Theorists calculate that nanotube transistors will have more functionality at reduced size
Francois Leonard, a theoretical physicist in Thin-Film and Interface Science Dept. 8721, and his IBM collaborator have discovered one more reason to further develop nanotube transistors.
Over a two-year effort to understand and model these new-material laboratory curiosities, they found these transistors work differently from conventional devices and, in fact, offer an additional way to switch the transistor on and off.
The promise of more functionality at a reduced size, Francois says, "is a further motivation to try to make nanotube transistors even smaller."
Their findings, published in Physical Review Letters, also offer a new approach to modeling that will be of interest for predicting performance of nanoscale devices in general.
Conventional devices can be switched off by raising voltage at a gate between two electrodes. The research team shortened the conventional distance between electrodes some 100 times, to just 10 nanometers. They modeled a device in which the electrodes were linked by a strong, thin filament of graphite-like carbon, rolled into a nanotube no more than two nanometers in diameter.
The new model revealed that increasing voltage at the gate first turns off the transistor as in a conventional device, then switches it back on again. This occurs because some electrons tunnel through a quantum state and move across the gap via gated resonant tunneling — which becomes the added functionality possible at this smaller scale. Increasing the voltage even more then creates a negative differential resistance, turning the circuit off again.

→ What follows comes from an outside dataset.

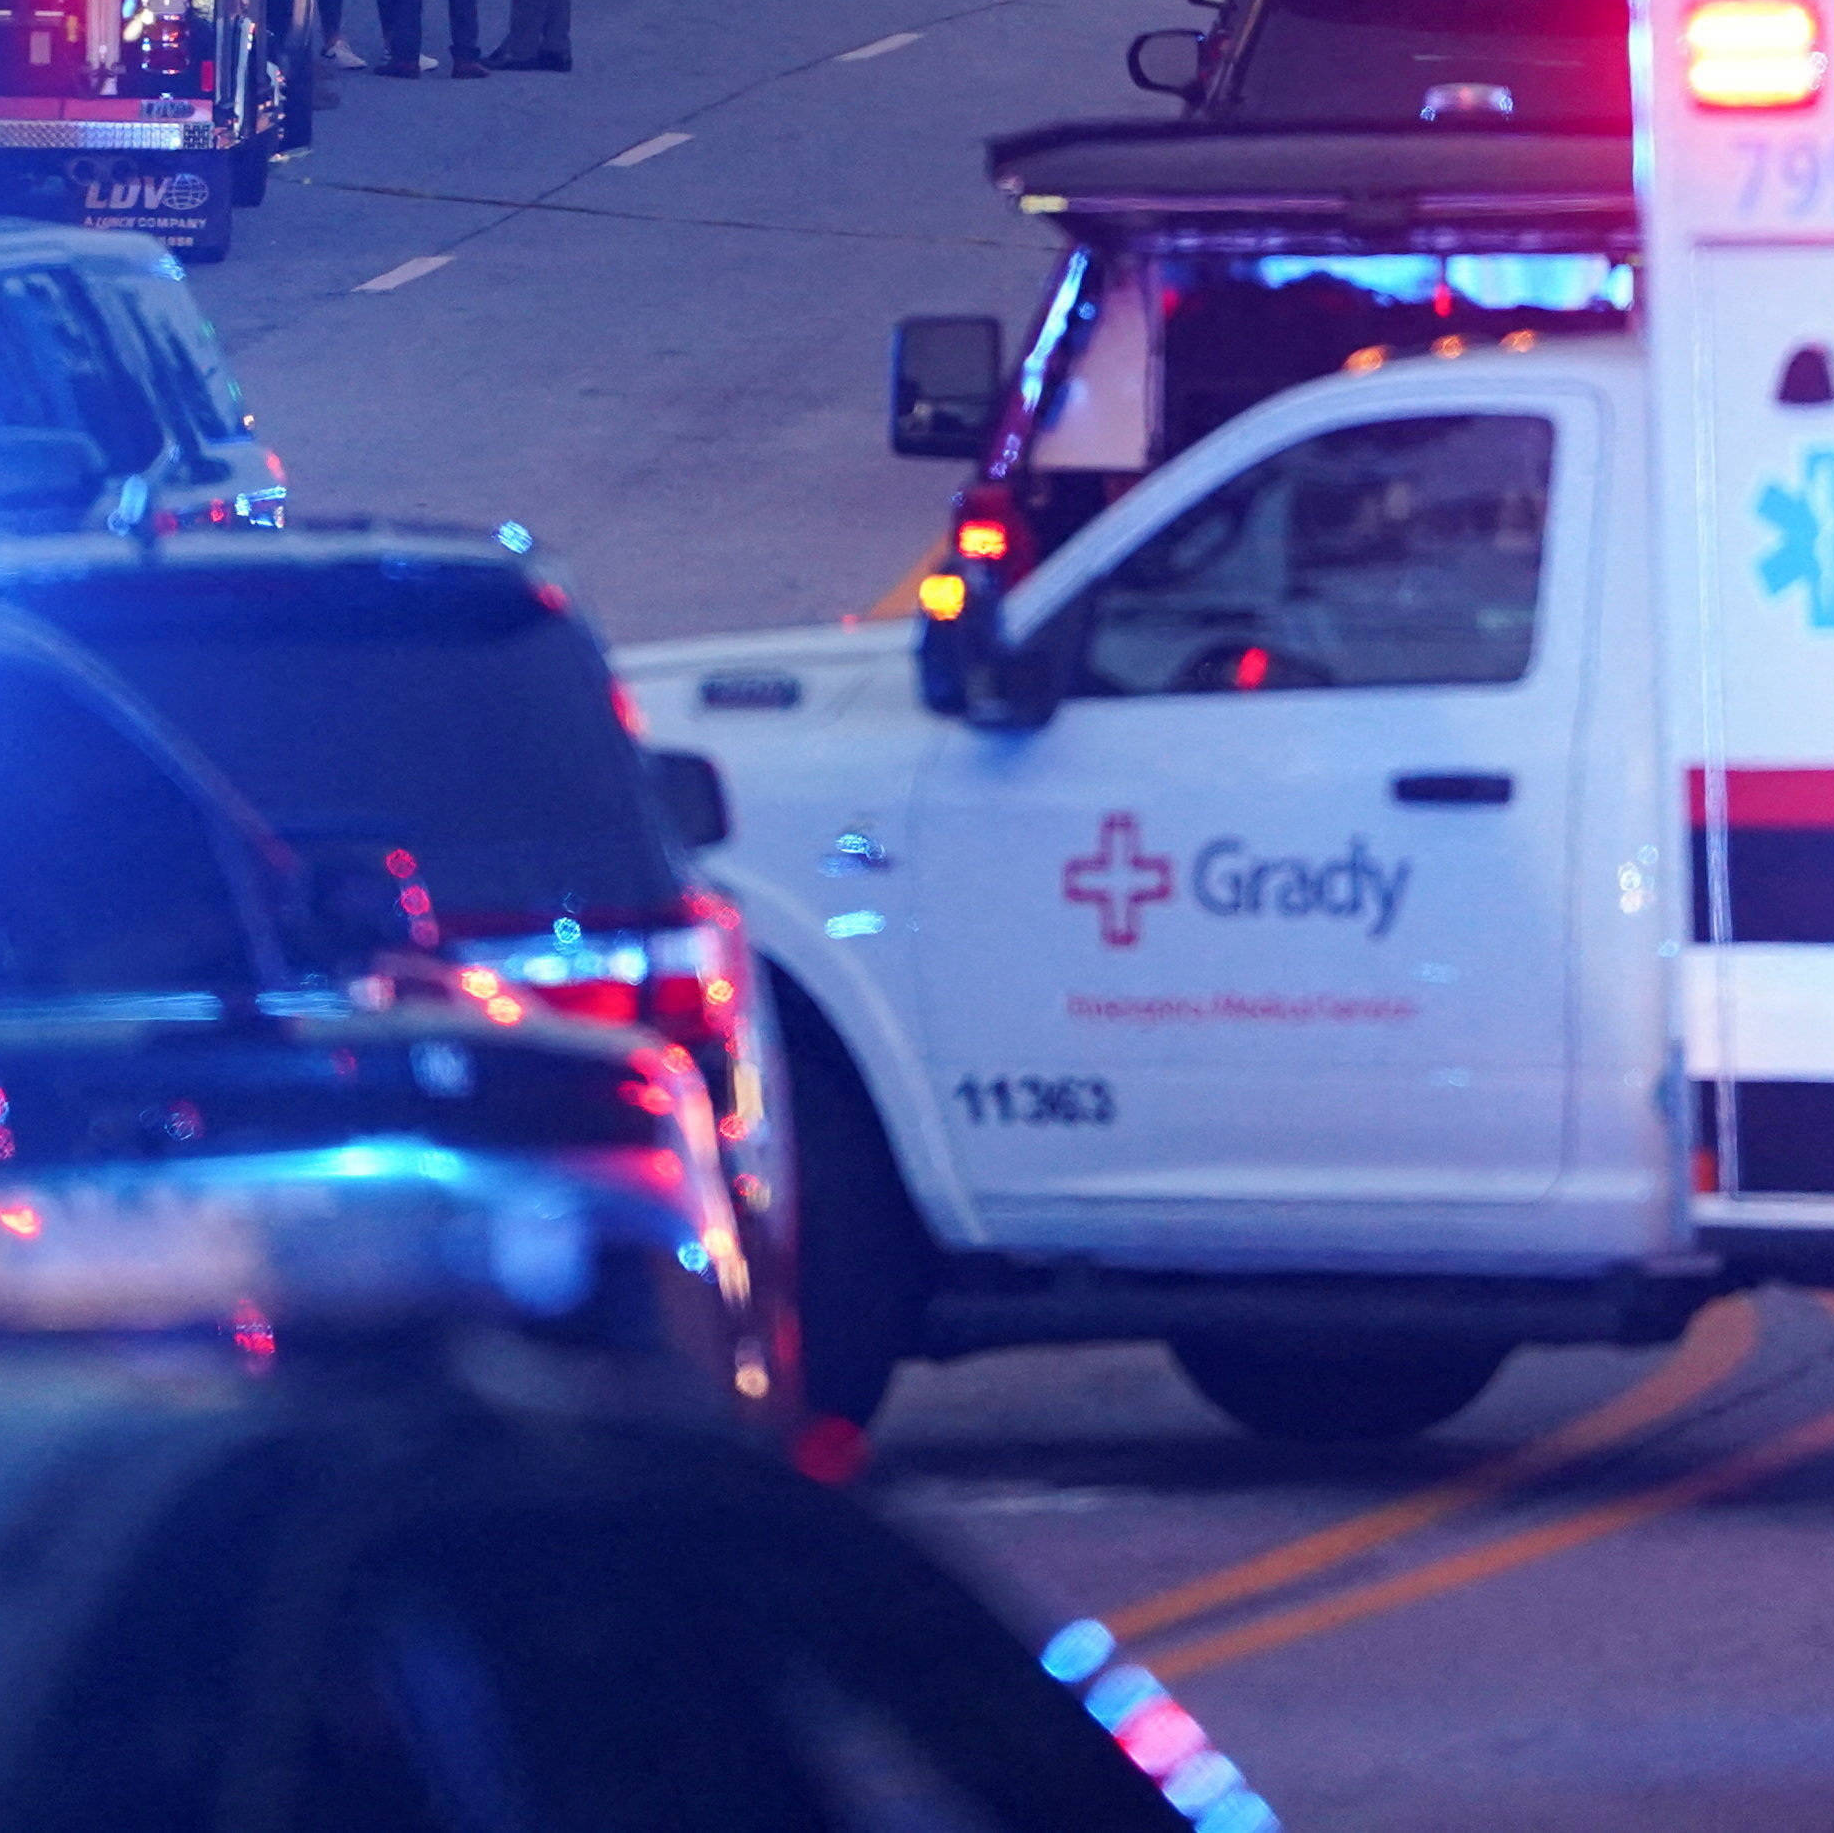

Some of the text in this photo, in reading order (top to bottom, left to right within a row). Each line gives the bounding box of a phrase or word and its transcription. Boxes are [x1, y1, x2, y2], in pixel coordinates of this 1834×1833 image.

"The reduced dimension actually gives you additional functionality," Francois says, comparing the phenomenon to a quantum dot. "By controlling the gate voltage, we can make electrons pass through just one (quantum) level." Furthermore, unlike silicon, devices made with nanotubes would not need to be "doped" with impurities. The work involved new ideas in how to calculate current in a device in which electrons move in single file. "How do you calculate current when devices are governed by single electrons?" Francois asked.
Existing modeling tools were not adapted to the problem because they were more statistical in nature, essentially allowing behavior to be predicted by averaging the flow of many electrons.
Francois’ co-author is Jerry Tersoff of IBM’s T.J. Watson Research Center, a fellow theoretical physicist. The calculations, which took a couple of years to develop, were presented last spring at the San Francisco meeting of the Materials Research Society and are the subject of an invited talk at the International Conference on Computational Nanoscience and Nanotechnology this month.
Carbon nanotubes were first discovered in the laboratory about 10 years ago and are novel materials for several reasons. They are very strong and can be made in long filaments. Depending on their atomic structure the material can behave either electronically like a metal or a semiconducting material. The first nano- tube transistor was demonstrated in the lab more than three years ago. However, creating just one transistor takes some time, so potentially packing more circuits into small spaces with these materials is still very exploratory.
On the other hand, Francois says, since nanotube transistors have been demonstrated, using them in practical devices "is not that far-fetched — it is a matter of time and effort."